Ilbrec volvió a reír mientras
Crines Espléndidas
seguía cabalgando.

—¡Estaremos en Caer Mahlod antes de que haya amanecido!

Segundo capítulo

El lugar del poder

Las gentes del Reino de los Tuha-na-Cremm Croich contemplaron con asombro y perplejidad al trío de recién llegados mientras se aproximaban al túmulo cónico sobre el que se alzaba Caer Mahlod.

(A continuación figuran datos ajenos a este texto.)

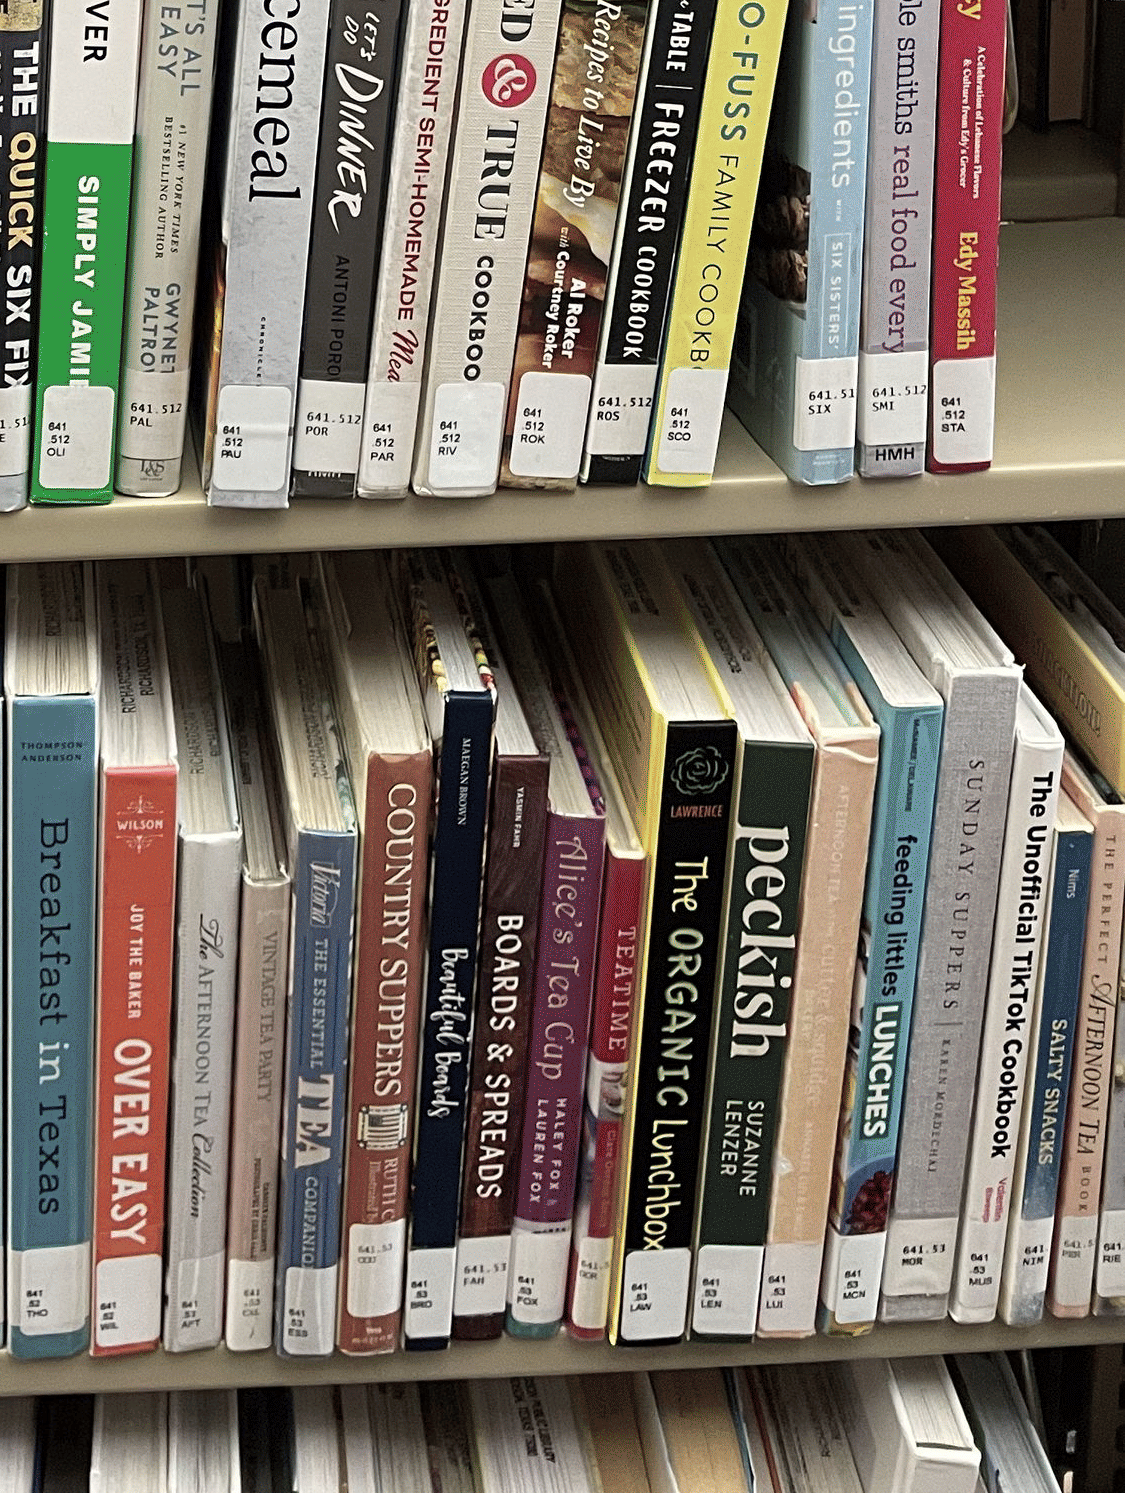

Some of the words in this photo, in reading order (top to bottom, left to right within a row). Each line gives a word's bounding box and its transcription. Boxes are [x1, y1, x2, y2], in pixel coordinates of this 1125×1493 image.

[894, 35, 917, 135] smiths
[892, 144, 918, 199] real
[47, 447, 65, 457] OLI
[49, 421, 67, 432] 641
[875, 448, 915, 461] HMH
[117, 818, 163, 831] WILSON
[1030, 771, 1053, 817] The
[38, 817, 70, 1026] Breakfast
[1016, 825, 1047, 946] Unofficial
[491, 914, 523, 1033] BOARDS
[730, 824, 795, 1060] peckish
[1007, 954, 1034, 1032] TikTok
[39, 1040, 67, 1083] in
[113, 1040, 152, 1139] OVER
[991, 1041, 1023, 1158] Cookbook
[38, 1095, 68, 1215] Texas
[477, 1071, 510, 1198] SPREADS
[721, 1100, 742, 1176] LENZER
[740, 1101, 765, 1197] SUZANNE
[111, 1154, 149, 1244] EASY

Goffanon ya había despertado hacía un rato y trotaba al lado de
Crines Espléndidas
. De vez en cuando gruñía quejándose de los morados que le había infligido Ilbrec, pero lo hacía en un tono de buen humor porque sabía que en realidad Ilbrec le había salvado tanto la vida como el orgullo.

—Así que esto es Caer Mahlod —dijo el rubio hijo de Manannan mientras tiraba de las riendas deteniendo a
Crines Espléndidas
delante del foso lleno de agua que protegía a la ciudadela—. No ha cambiado mucho.

—¿Habías estado aquí antes? —preguntó Corum observándole con curiosidad.